Maxwell has filed a claim against the estate, seeking to have it reimburse her for her legal defense and the costs of hiding and security in the year after Epstein's death. It is widely believed that any serious look at Epstein's business would ensnare his longtime associate Maxwell.
A victims compensation fund has recently started operating to help Epstein victims quietly achieve settlements out of court, even as Giuffre and other women seek legal remedies too.
The source of Maxwell's wealth is coming under scrutiny. Prosecutors said there were large sums of unexplained wealth and the cash purchase of the mansion where she was arrested was notable.
Federal prosecutors say that Maxwell toured the property under the pseudonym Jen Marshall, saying she was a journalist looking for privacy, and her name didn't appear on any of the documents connected to the sale, according to someone with knowledge of the transaction.

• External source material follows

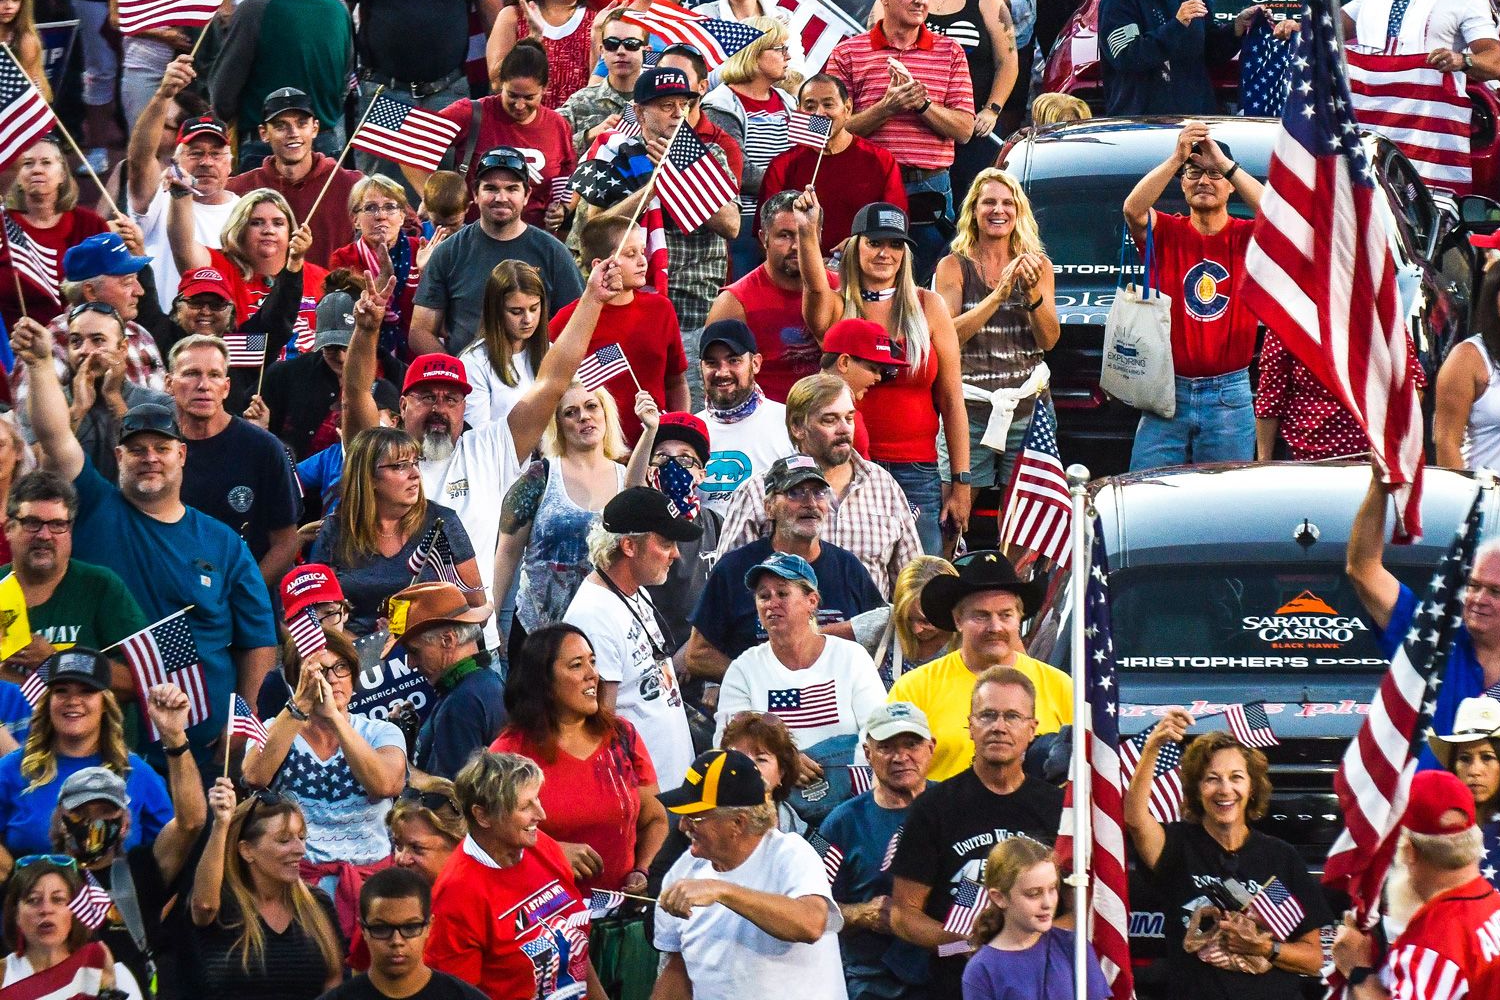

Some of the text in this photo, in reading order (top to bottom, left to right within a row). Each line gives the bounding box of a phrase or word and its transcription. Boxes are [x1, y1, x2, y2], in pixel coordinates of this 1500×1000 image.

The Maxwell case also figures in national politics. Not only was she friends with Bill Clinton, but President Donald Trump created a stir earlier this month when from a White House podium he responded to a question about Maxwell by saying, "I wish her well."
Giuffre alleges she was recruited by Maxwell in 2000 at Donald Trump's Mar-a-Lago club, where Giuffre was working as a spa assistant. Giuffre was around 17 at the time and she said she was sexually abused by Epstein and several of Epstein and Maxwell's powerful friends over the next several years. She did not allege abuse by Trump or at Mar-a-Lago.